I shook my head at the ridiculous scene when I realized that Luci wore black stilettos and form-fitting black dress pants. All of the men and probably half of the women stared at her long legs and well formed ass, not the mess that I had made. Eager to save the poor woman from the unwanted advances of the single redneck boys, I leveled my hand under her elbow and pulled her upright swiftly. I leaned the mop on the doorframe before escorting her back to the blue leather-upholstered stool.
She obediently tucked one ankle behind the other and hooked her heel on the round metal ring near the bottom of the stool. Her hands stayed poised for action but unmoving in her lap, and her eyes tracked me as I finished cleaning the tea. Her scrutiny hadn't unnerve me the
way I figured it should have. It actually flattered me in an odd way. Of all the people in the room, Luci Pravitas chose to watch me complete such a mundane task.
"Lauren?" She called as I moved towards the kitchen, and I stopped.
"Yes?" I asked hopefully, ready and waiting to enthusiastically fulfill any desire of this kind and gorgeous creature.
"My coffee, Darling," she gestured in the direction of the coffee pot with her graceful hand aimlessly.
"Oh," my chest deflated with the sound. I snatched a cup from beneath the counter and eased the black liquid into it, not interested in making another mess, and placed the mug on the counter before her. My eyes avoided hers against my will as I turned towards the kitchen once more.

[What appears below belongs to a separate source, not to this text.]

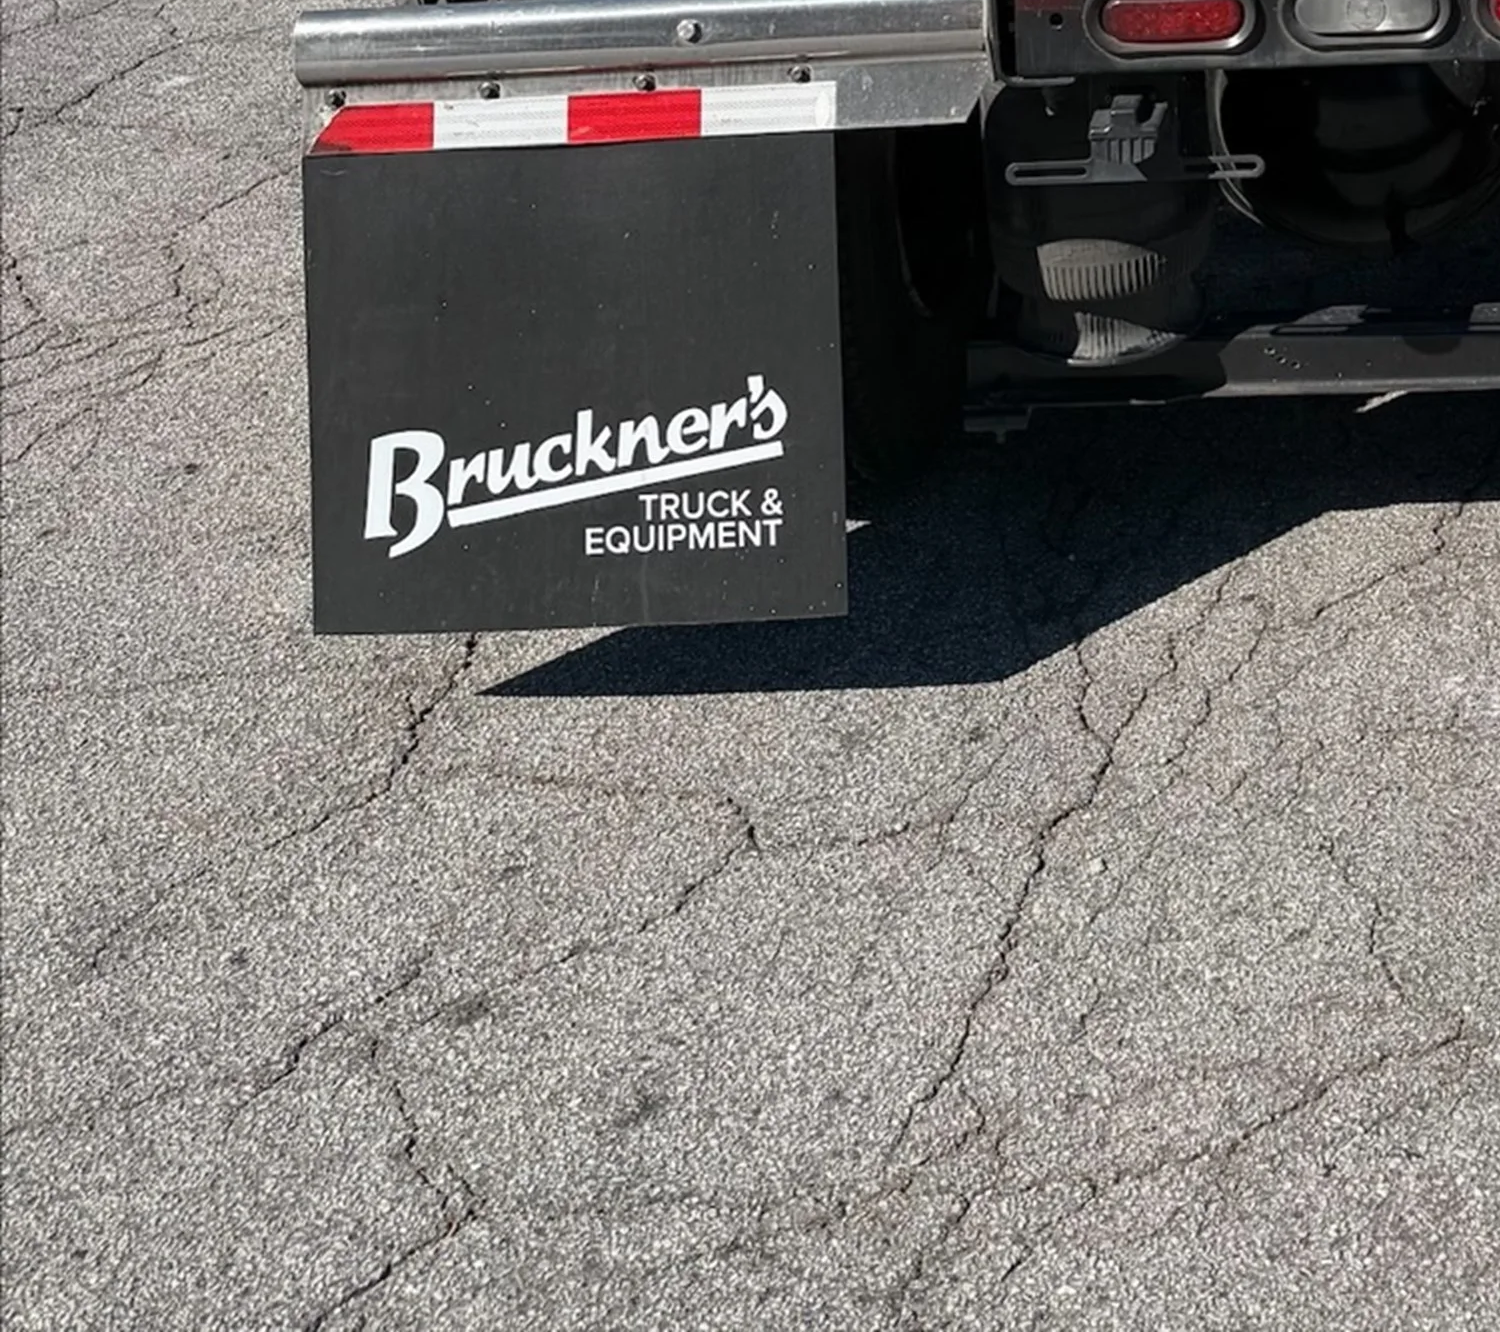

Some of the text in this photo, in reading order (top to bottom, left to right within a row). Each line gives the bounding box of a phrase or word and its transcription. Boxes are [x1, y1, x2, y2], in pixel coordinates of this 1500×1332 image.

[364, 374, 788, 558] Bruckner's
[638, 487, 784, 522] TRUCK &
[584, 519, 784, 556] EQUIPMENT

"Lauren?" I turned with my hand pressed against one of Barb's saloon doors, aware of the multiple sets of eyes watching the interaction peripherally.

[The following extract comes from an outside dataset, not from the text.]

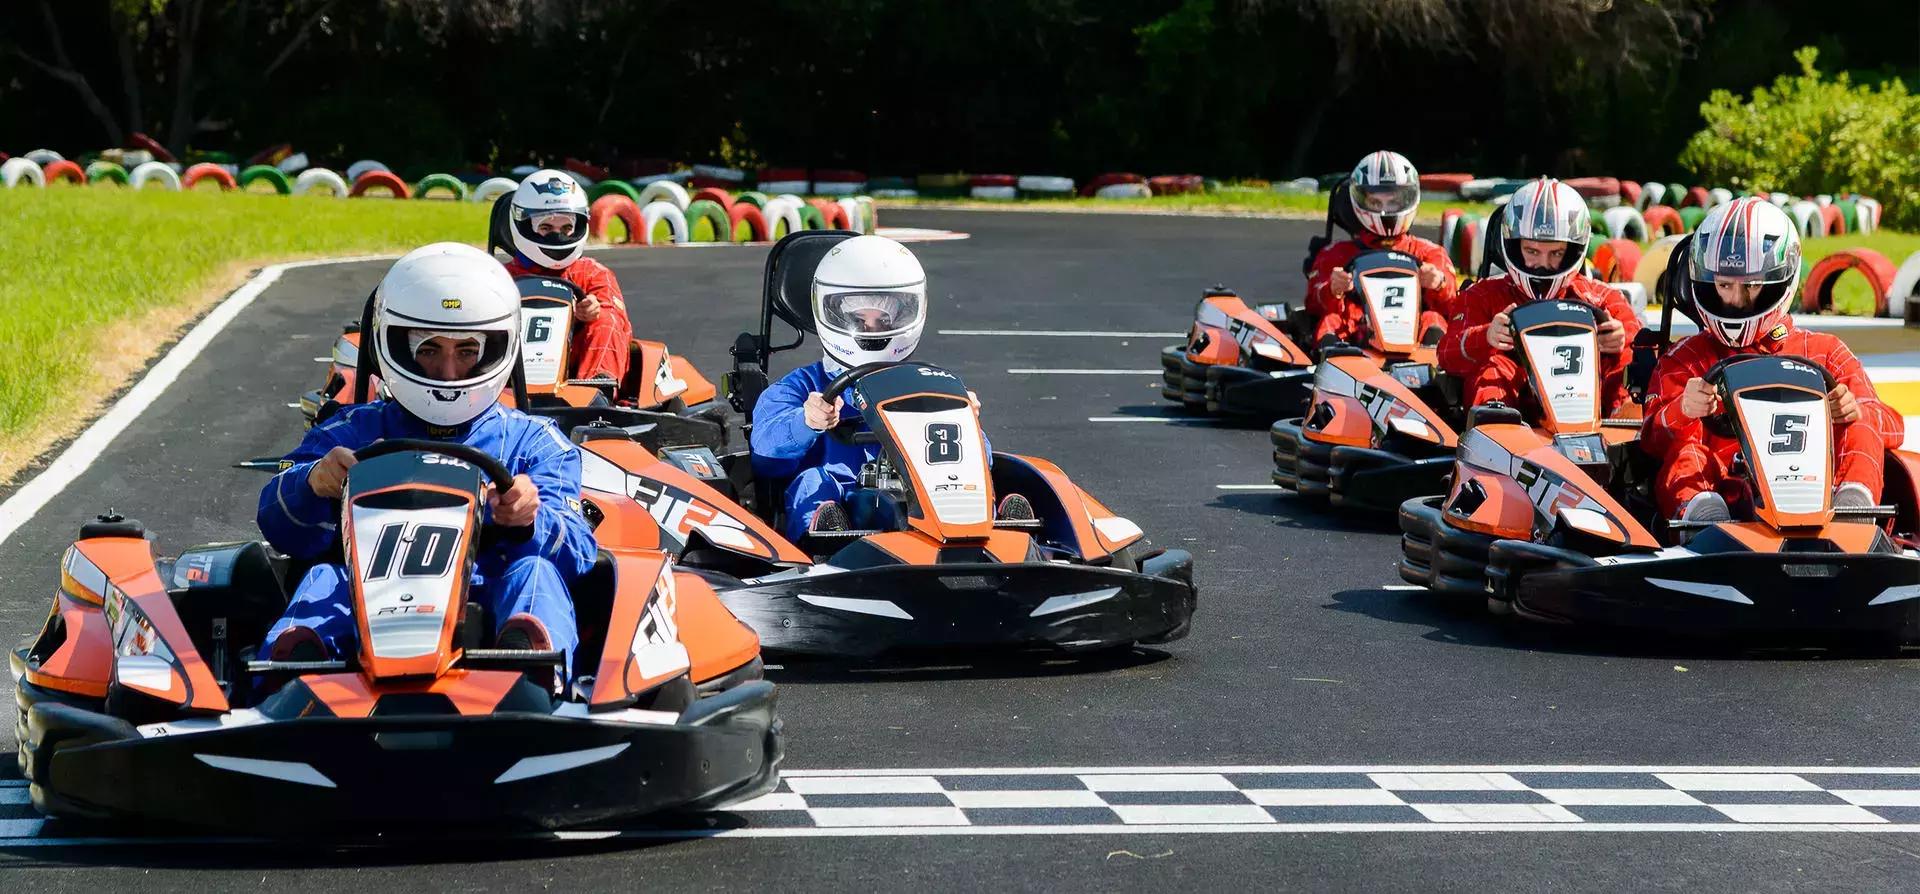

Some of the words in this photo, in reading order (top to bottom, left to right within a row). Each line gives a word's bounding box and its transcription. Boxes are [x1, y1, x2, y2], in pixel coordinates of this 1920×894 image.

Those glacier blue eyes, however, bore directly into me, seeing through my body and into my very soul, uncannily but naturally for Luci. They drew me closer before I realized that I had moved and placed my hands flat on the cool counter across from her once more. The entire room crackled with electric tension when Luci leaned slightly over the island and covered my right hand with her left. I jerked at the unexpected contact, but she waited for me to relax into the warmth of her hand reluctantly. I'm not certain that I relaxed, but I ceased my struggle and stared at our joined hands and then glanced around the diner. Every ear strained to hear our conversation, and every eye pretended to stare at half-eaten meals on the plates before them. I ignored their barely restrained stares as my gaze ventured to the newly exposed skin visible through the slit at the top of Luci dress shirt. It parted at her throat, revealing the smooth skin of her collarbones and chest, and I nearly gasped when I saw more scars marking the otherwise perfect flesh there. These seemed thinner than the jagged lines near her neck and on the backs and sides of her wrists, emaciated, almost like a surgical incision made by a very sharp scalpel.